Saladin had the three remaining Crusader leaders brought to his tent. He gave Guy and Gerard water to drink, but stopped Guy from passing the cup to Reynald. (Saladin would have had to spare Reynald’s life if he gave him a drink while he was a prisoner.) He asked Reynald to become a Moslem. When he refused, Saladin drew his scimitar and struck to behead him. Saladin’s bodyguard finished the work.

Saladin ordered the execution of the Templars, Hospitallers, and knights of less than noble birth who could not be ransomed. He kept Guy and Gerard alive to further his campaigns.

Raymond Seeks To Defend Tyre

The battle of the Horns of Hattin was the decisive struggle of the campaign. Raymond and others with him tried to organize the defense of Tyre by offering generous grants to Pisans and Genovese in the town. Then he continued north to Tripoli, where he died a few weeks later. (His critics claimed he died of shame for abandoning the army at Hattin.)

Saladin offered Guy and Gerard their freedom if they could persuade the Crusaders to surrender. The Templars had a policy of not ransoming captured knights, but Gerard interpreted this to refer to money. Despite the efforts of the two, the defenders of Ascalon refused to surrender. Saladin had to besiege it for a month before it fell.

Shortly after the Saracens arrived at Jerusalem, Balian arrived under a flag of truce to evacuate his wife. Once inside the town, the people demanded Balian command the defenses. He discussed it with Saladin who agreed it was his duty to do so. With no knights in the town he created 50 knights by knighting the sons of knights and merchants.

Balian knew the city could not withstand an attack. He finally negotiated the surrender of the city by warning Saladin that if he attacked, the people might destroy the Islamic holy site of the Dome of the Rock.

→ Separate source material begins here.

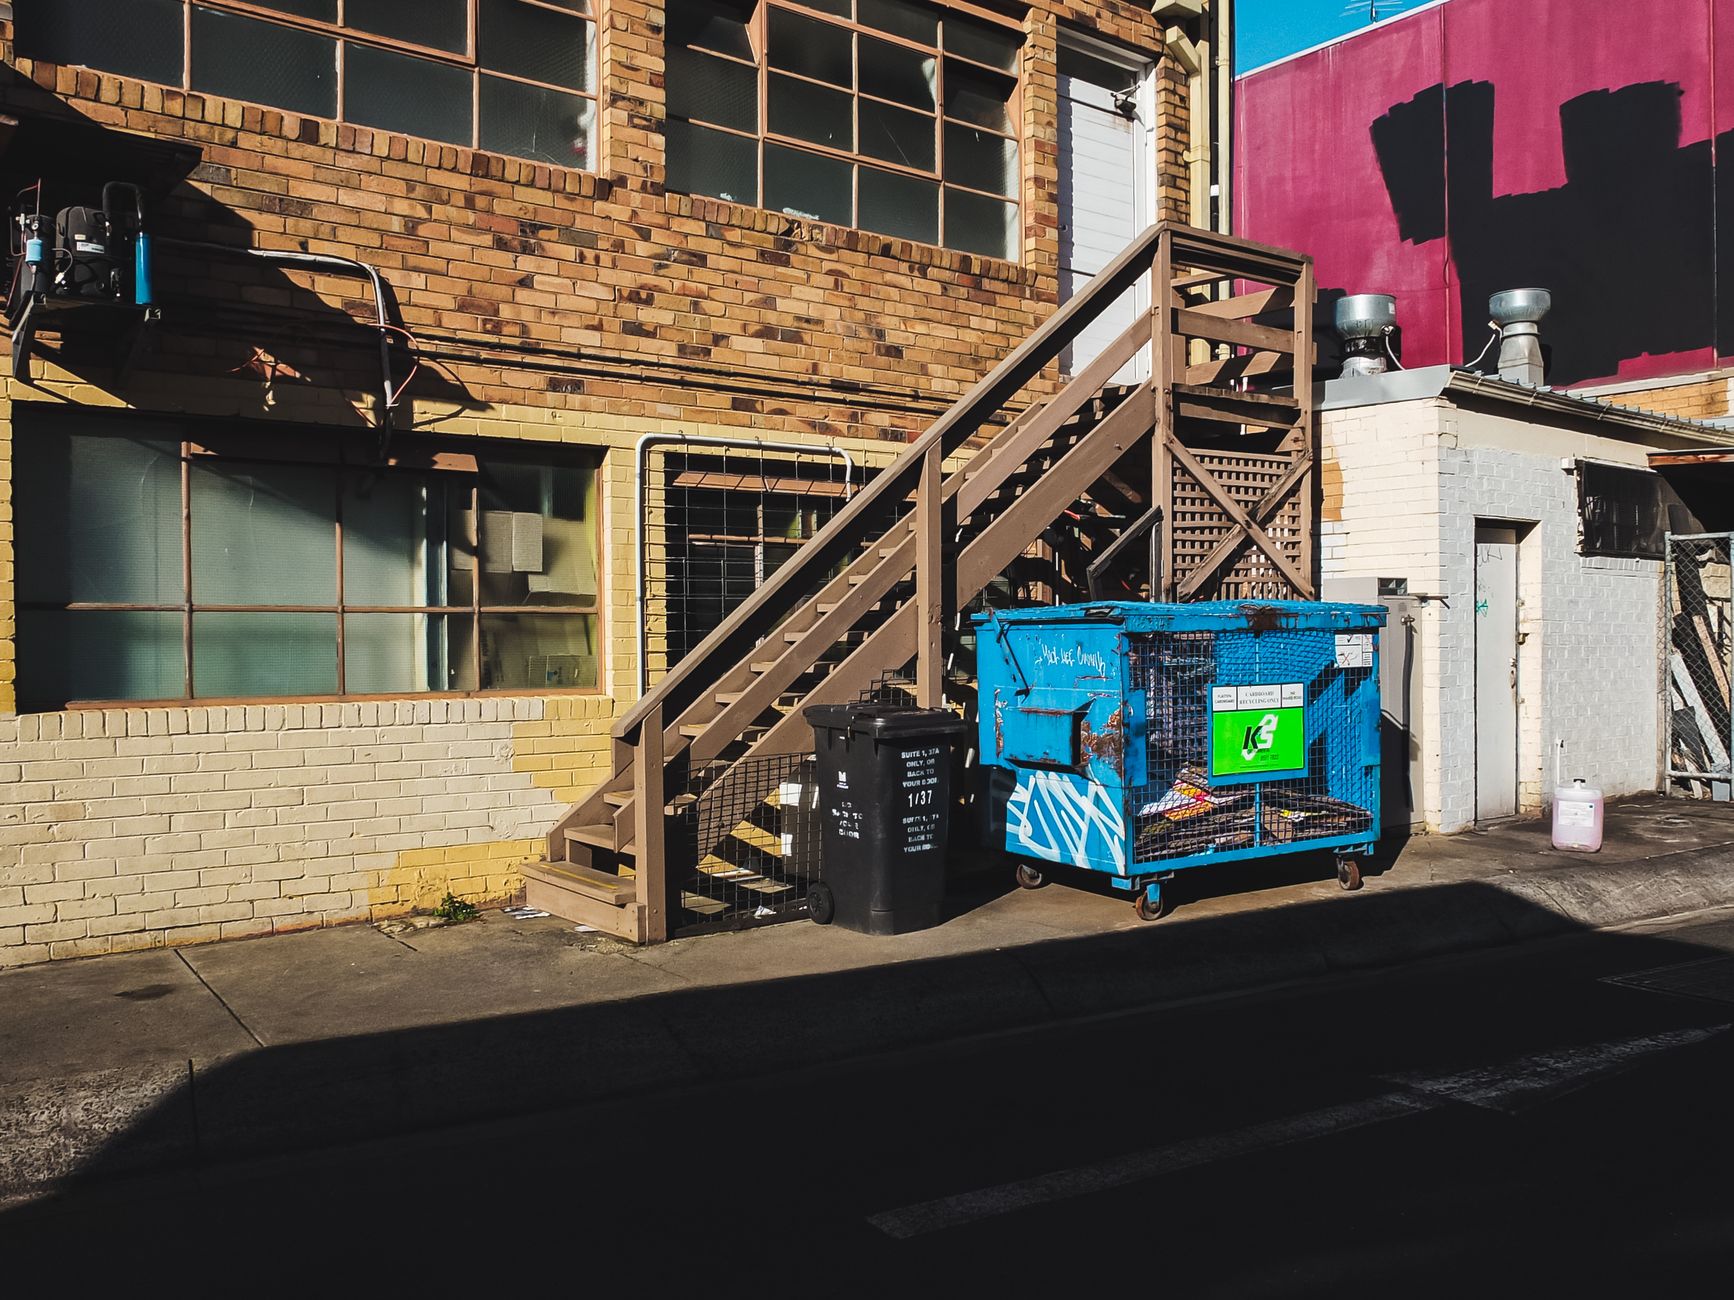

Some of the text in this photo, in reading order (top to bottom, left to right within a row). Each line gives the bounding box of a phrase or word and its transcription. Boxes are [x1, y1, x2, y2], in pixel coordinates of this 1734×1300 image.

[901, 750, 921, 759] SUITE
[902, 780, 921, 788] YOUR
[908, 790, 933, 808] 1/37

The only city that remained in Crusader hands was the coastal city of Tyre. Conrad of Monteferrat took command of the defenses in July. Saladin released Guy and Gerard to create conflict within the Crusader camp. Guy continued to try to regain his kingdom while Gerard was killed when he refused to withdraw with the rest of the army.

Thus Saladin conquered most of the Holy Land. But he enjoyed little peace. The fall of Jerusalem almost immediately instigated the Third Crusade to be led by Richard I (“The Lion-Hearted”) of England and Frederick Barbarossa. Saladin resisted until he died in 1193. Jerusalem remained under Moslem control until 1229.